A New Frontier: Revising the Medical Curriculum


ow let us take off our research hats and put on our curriculum and teaching hats. Last year at this meeting, I sketched out the need for renewal and innovation in our medical school curriculum. I indicated that we should strive to be at the forefront of medical education, and in order to achieve that goal, we needed to create a vision for medical education in this century that is novel, compelling, expansive, differentiating, and effective. I know that substantive change in a curriculum is a big and difficult task, and it requires the effort and ingenuity of lots of people. I also understand that there probably will be some resistance on the part of individuals who feel that the curriculum is just fine. By many measures, we provide an outstanding education for our medical students. However, this is precisely the time when we should consider change, when we can do so thoughtfully—not making change for the sake of change or because we have to—but to enhance the quality of what we teach, how we teach it, the overall educational experience, and most of all, the skill sets of our graduates. Last year at this time, I asked
Dr. Jack Shulman
to survey our department chairs, course directors, and other educators to determine their thoughts about the content and structure of our curriculum. At the same time, Dr. Shulman and I surveyed the literature on medical school curriculum reform. Following many hours of interviews by Dr.

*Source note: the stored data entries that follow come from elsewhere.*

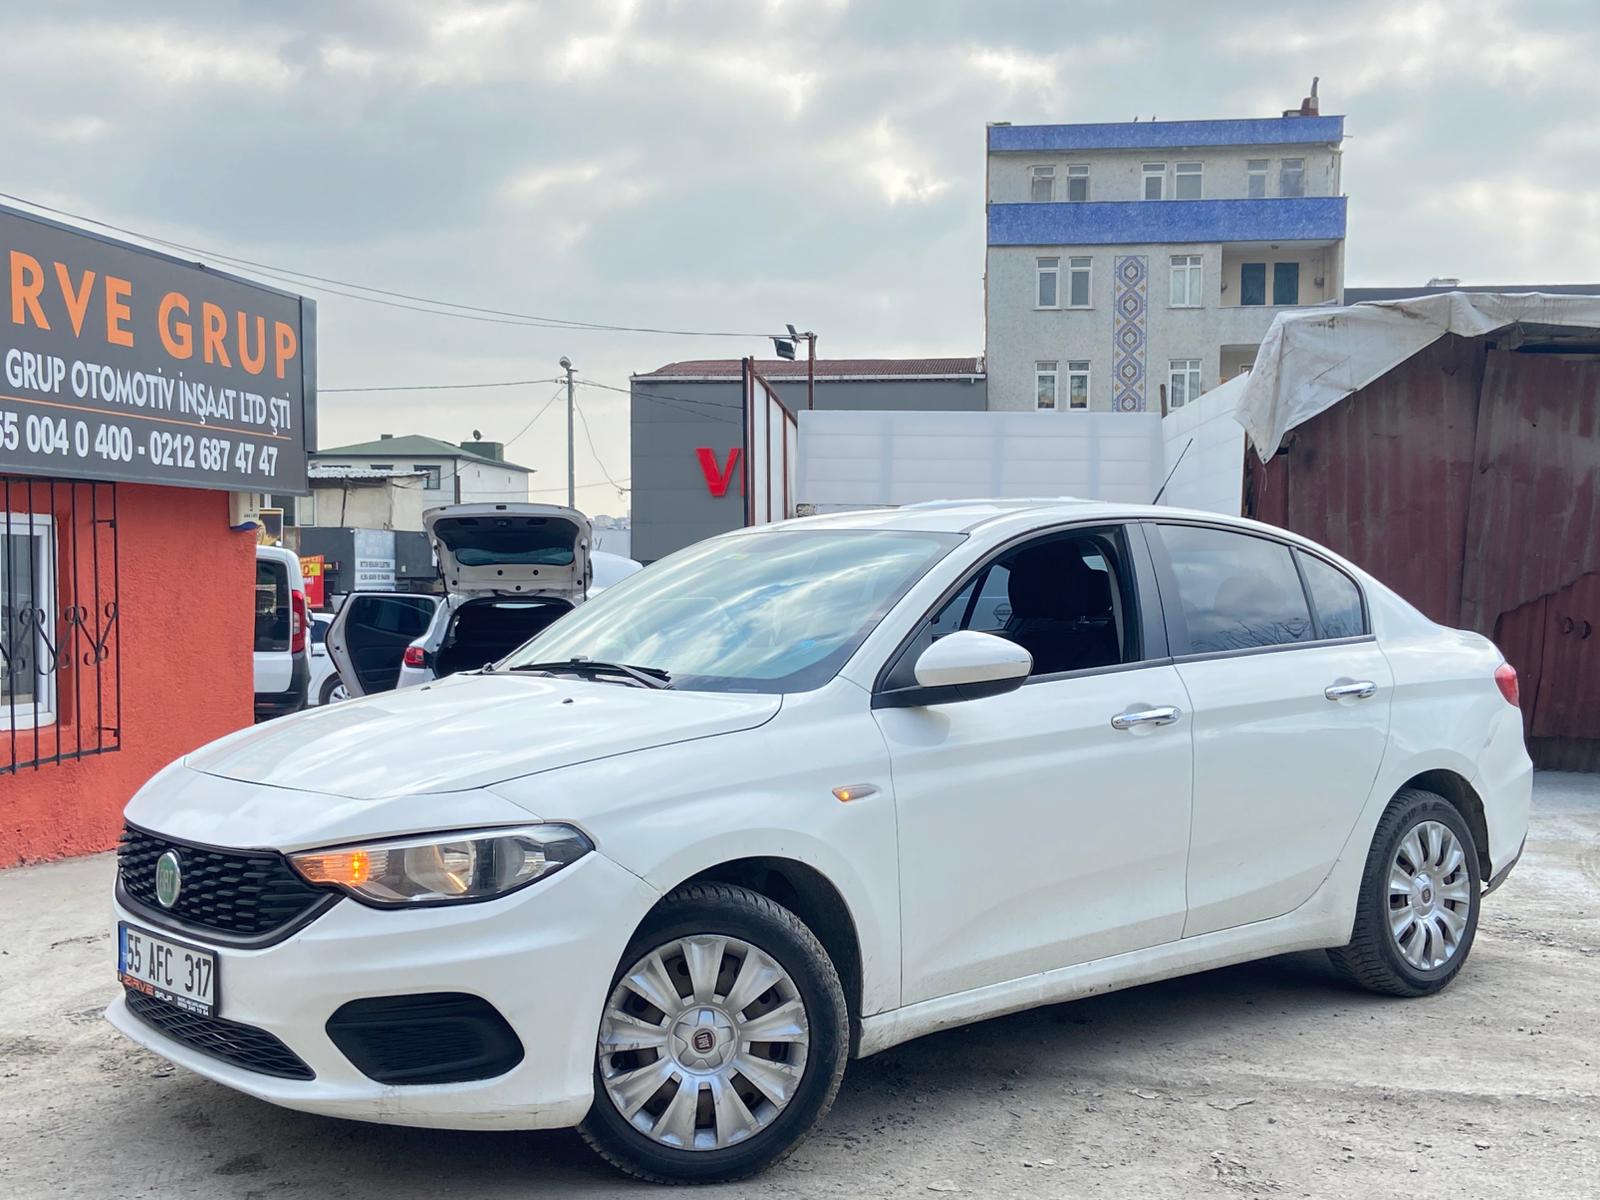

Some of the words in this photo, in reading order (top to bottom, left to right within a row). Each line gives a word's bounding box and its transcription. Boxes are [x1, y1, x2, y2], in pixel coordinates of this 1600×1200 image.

[10, 250, 135, 348] RVE
[158, 291, 297, 379] GRUP
[5, 348, 65, 394] GRUP
[71, 361, 176, 412] OTOMOTİV
[179, 371, 235, 425] İNŞAAT
[239, 391, 267, 426] LTD
[269, 392, 291, 436] ŞTİ
[26, 414, 69, 456] 004
[75, 421, 89, 458] 0
[94, 423, 133, 463] 400
[150, 430, 195, 468] 0212
[200, 436, 230, 472] 687
[235, 443, 255, 475] 47
[258, 446, 278, 477] 47
[695, 447, 745, 497] V
[127, 933, 141, 974] 55
[149, 942, 173, 987] AFC
[184, 953, 212, 998] 317
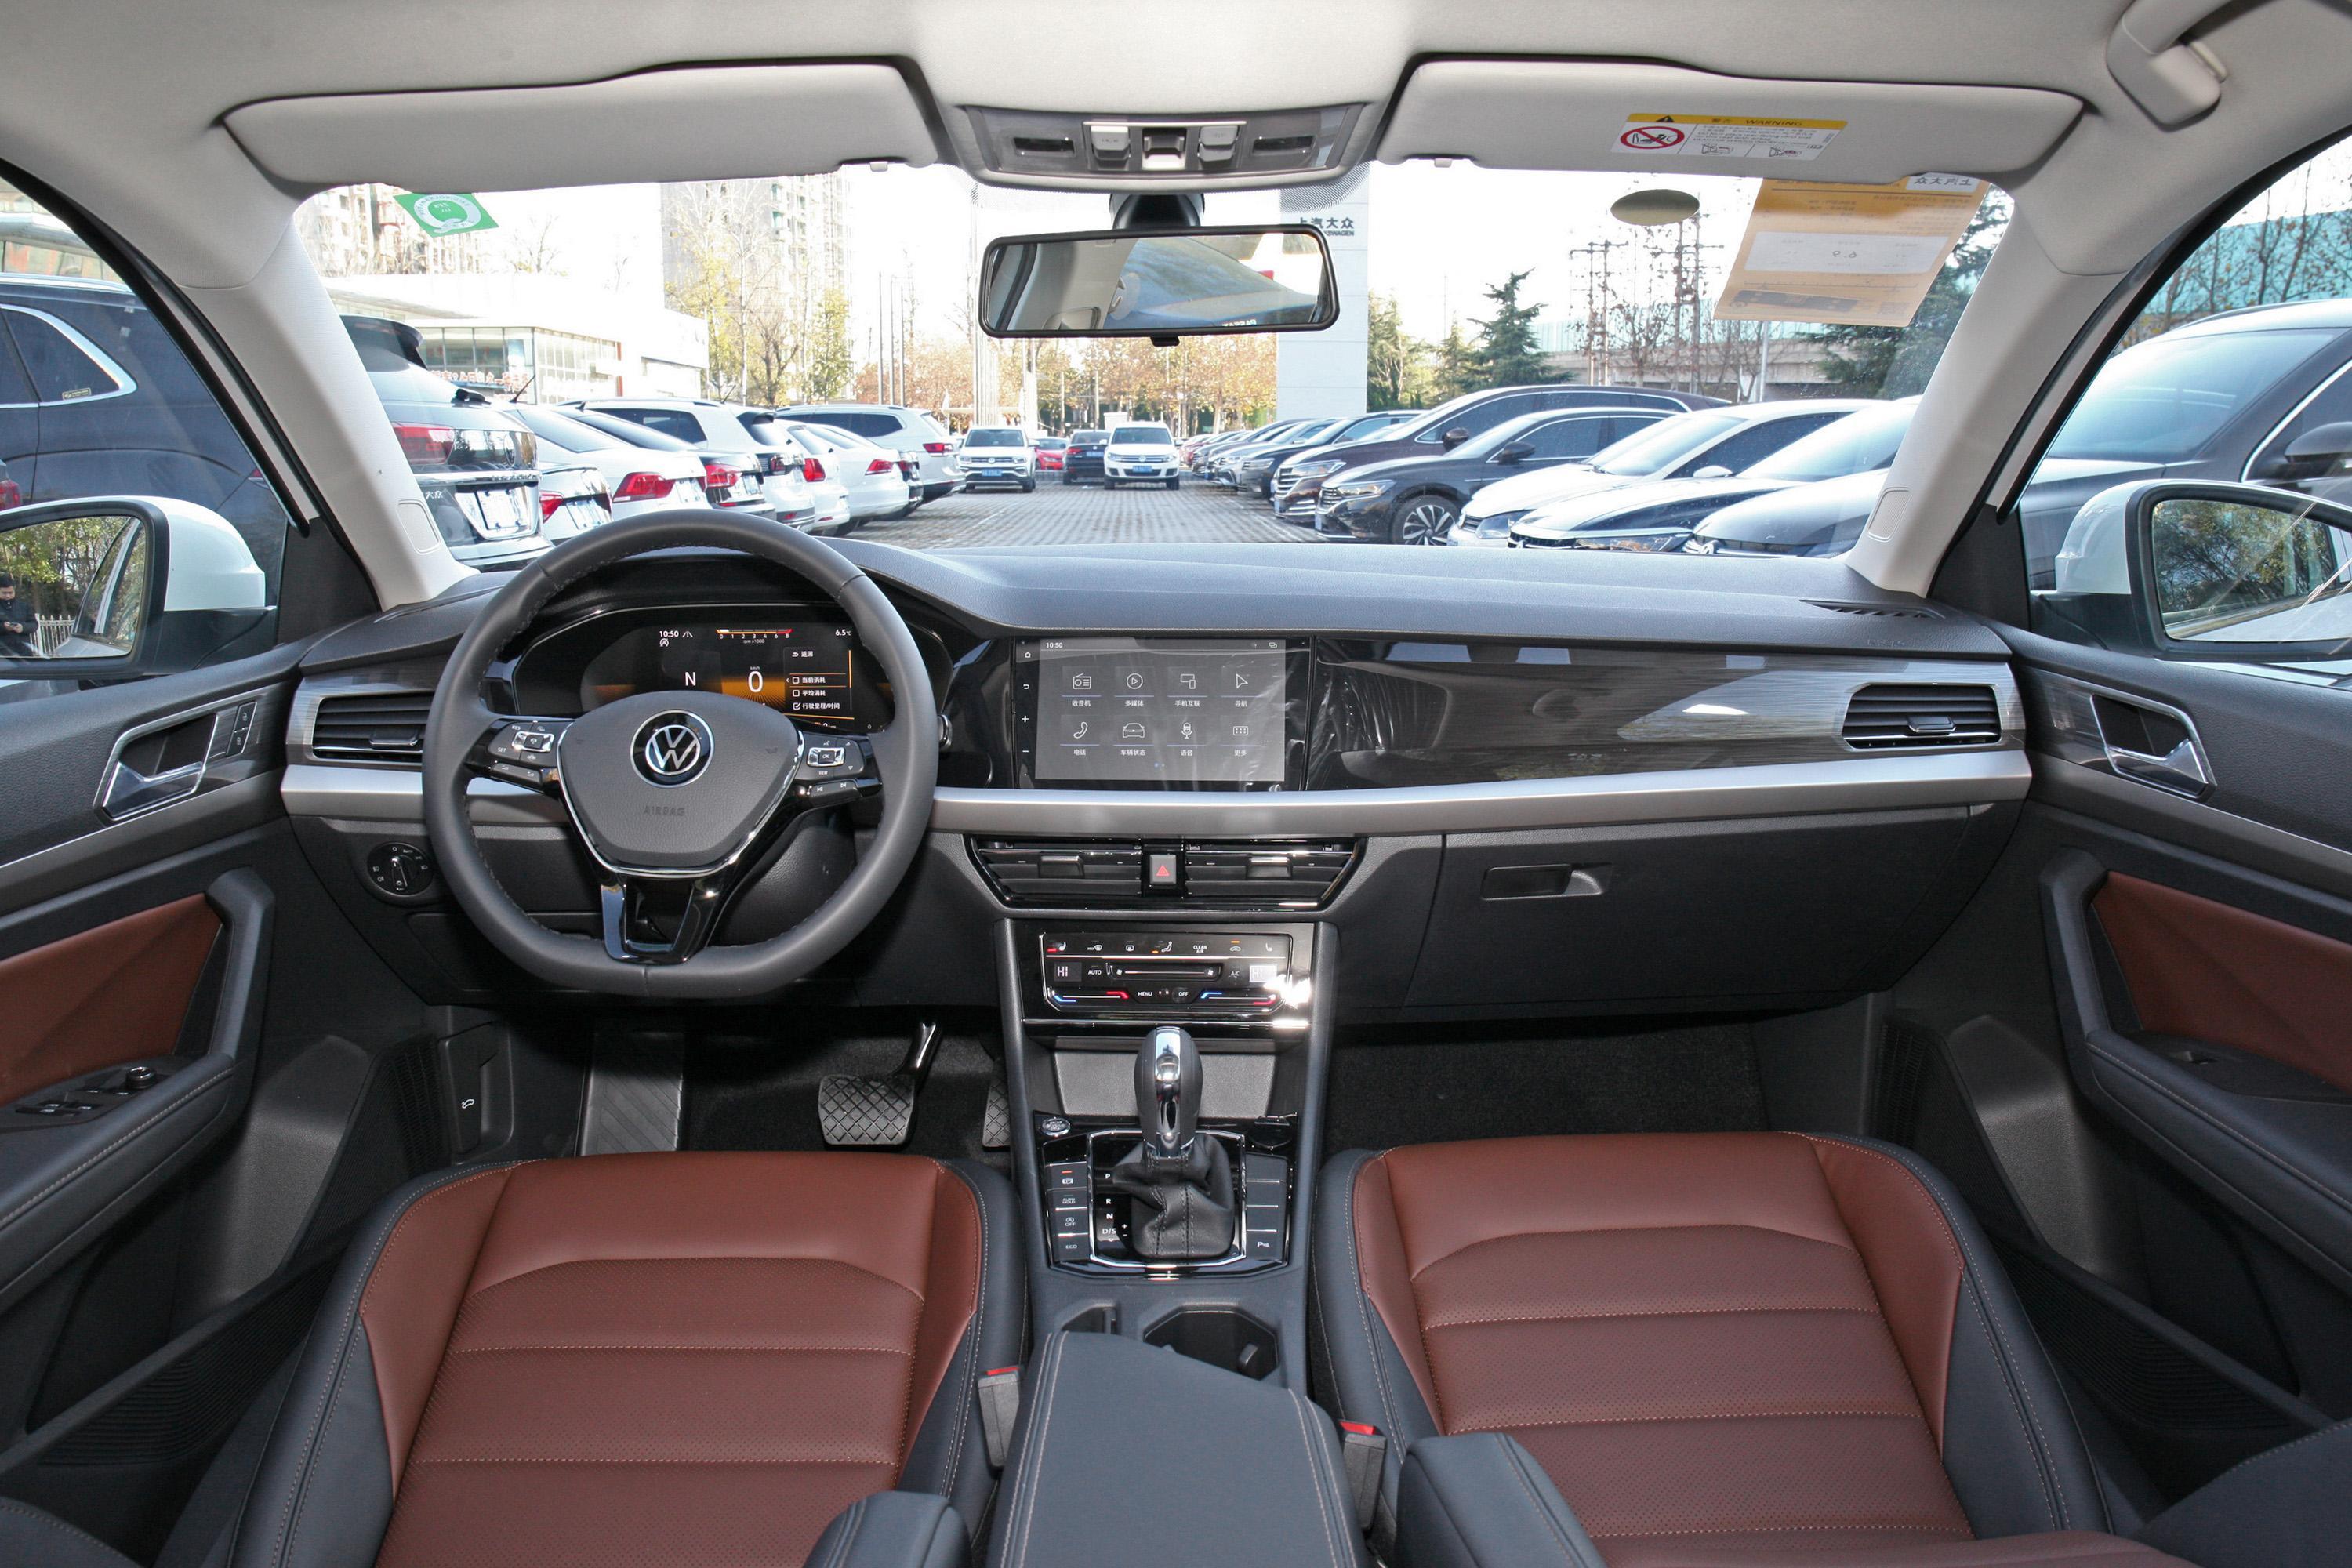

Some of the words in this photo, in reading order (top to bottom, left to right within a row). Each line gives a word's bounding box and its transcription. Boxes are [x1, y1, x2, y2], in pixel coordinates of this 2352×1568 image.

[684, 671, 696, 686] N
[748, 670, 764, 693] 0
[643, 805, 685, 816] AIRBAG
[1057, 966, 1069, 977] HI
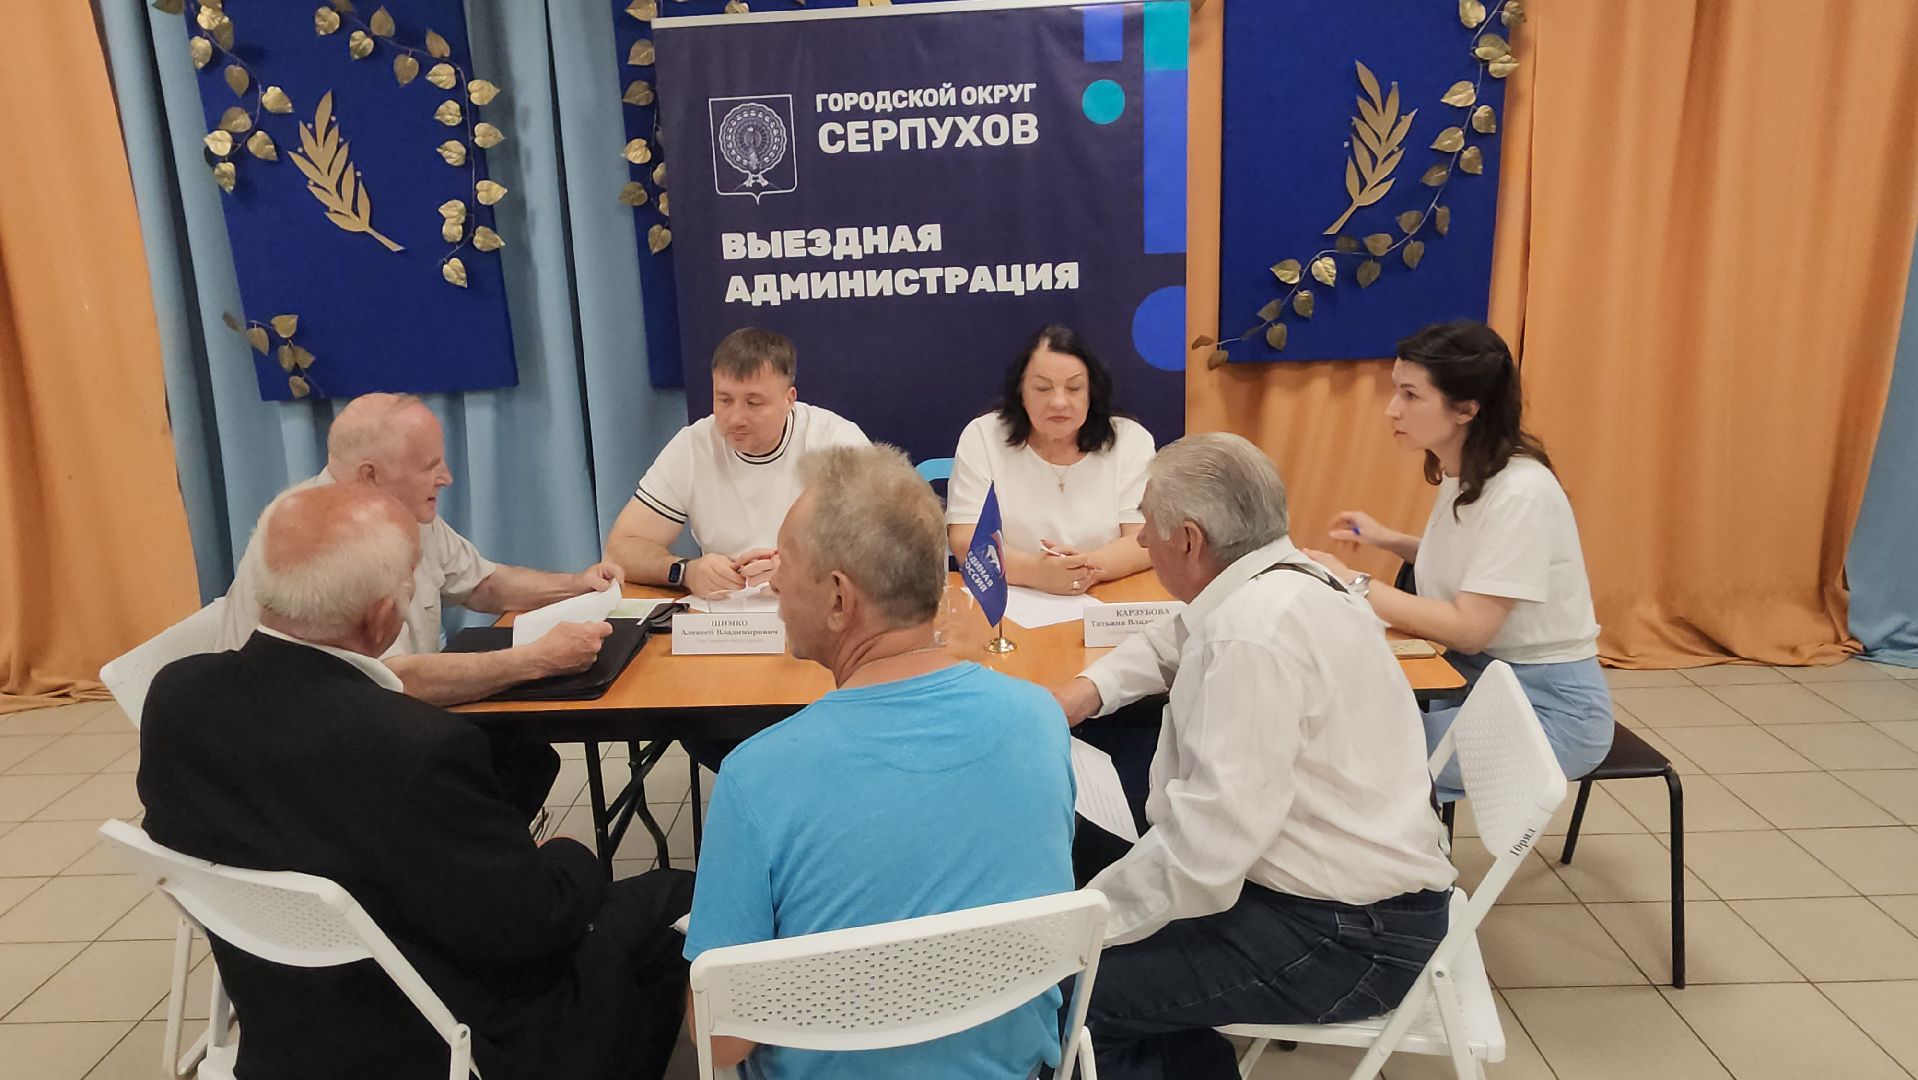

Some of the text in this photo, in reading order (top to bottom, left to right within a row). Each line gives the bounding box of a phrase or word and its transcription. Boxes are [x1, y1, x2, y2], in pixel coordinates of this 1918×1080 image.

[816, 83, 1036, 112] ГОРОДСКОЙ ОКРУГ
[819, 113, 1038, 153] СЕРПУХОВ
[722, 224, 941, 260] ВЫЕЗДНАЯ
[725, 262, 1078, 306] АДМИНИСТРАЦИЯ
[965, 557, 988, 593] ОССИЯ
[967, 550, 994, 588] ЕДИНАЯ
[1116, 608, 1170, 617] КАРЗУБОВА

Shulman and the reading of many scholarly treatises on the experiences of other medical schools, we came to two conclusions. One was that most curriculum reform was incremental and it was neither bold nor innovative. And the other was we needed to visit some medical schools where we believed substantive change was under way or being planned. We visited Harvard, Stanford, and the University of California–San Francisco together, and then Dr. Shulman visited the University of Rochester. We interviewed a series of deans and educators at these institutions and instilled their views into the mix that we were creating here at Emory.
      In August, I hosted a retreat for 25 people in the North Georgia mountains focused on evaluating our current curriculum and imagining what changes or innovations we might make here. Dr. Shulman administered a pre-retreat questionnaire to the participants. The results strongly supported a desire for change. We also set some goals for the retreat. We wanted to understand the characteristics of our current curriculum and describe the desired qualities of our graduates. We wanted to define how to change the culture and the curriculum to achieve the desired outcomes and reflect the changes taking place in science. We discussed the creation of a school-wide culture that would place great value on the learning process. We discussed tightening up basic sciences and clinical training. We considered innovative approaches to the curriculum to achieve goals. We painted a broad outline of new approaches to the curriculum and how to use our strengths, heritage, and vision to create a unique curriculum. And we considered ways to bring the premedical school education and the medical school experience closer together.
      The weekend was fun. We broke the committee into two subcommittees and gave each of them the same charge. How should we change our current curriculum to best educate the physicians of the 21st century, assuming that space, facilities, money, and manpower were no barriers? In other words, the blue sky approach. The groups were not allowed to speak with each other about their deliberations during the retreat. Both groups were then asked to present their findings and recommendations on the last day of the retreat. To my surprise and to theirs as well, their conclusions and proposals overlapped. Both groups suggested decompressing the basic science curriculum by reducing the amount of detail. They recommended:
      • Shortening the basic science years from 24 months to 18 months and providing basic science and clinical exposure during all four years.
      • Providing students with areas of emphasis, such as public health, ethics, and biomedical engineering.
      • Beginning the clinical experience on Day 1 of the first year and clinical clerkships by February of Year 2.
      • Building a new education facility to support this curriculum because our current facilities will not.
      These ideas are ambitious, innovative, and exciting. We discussed and debated these points and much more. In the end, we agreed that we needed to move forward and that we needed a comprehensive and inclusive strategic plan focused on curriculum reform. I am excited about this and cannot wait to get the process started. In fact, I have appointed a Steering Committee, chaired by Dr. Stephen Warren and Dr. Carlos del Rio. In addition to faculty members, several medical students and a number of ex officio members from the Dean’s Office and elsewhere will serve on this group.
      This committee will determine the key questions and issues and, in turn, appoint a series of subcommittees. Many of you will be asked to serve on those subcommittees, which will report back to the Steering Committee. I have set a strict timeline for this. I want the final report on my desk by July 1, 2005. Complete implementation is going to take four years, because we can implement these changes only one year at a time. I hope that we will begin to introduce the new curriculum by July 1, 2006.
      Finally, we have a new medical education building on the drawing board. The Anatomy and Physiology Buildings will be renovated and a new structure built to replace the connector between them, which is being torn down. It’s going to be beautiful. The 150,000-square-foot complex will have all of the appropriate capabilities and amenities of a 21st-century education building. We need to raise a considerable amount of money to make this dream a reality, but I am confident that with the help of our supporters we will be successful.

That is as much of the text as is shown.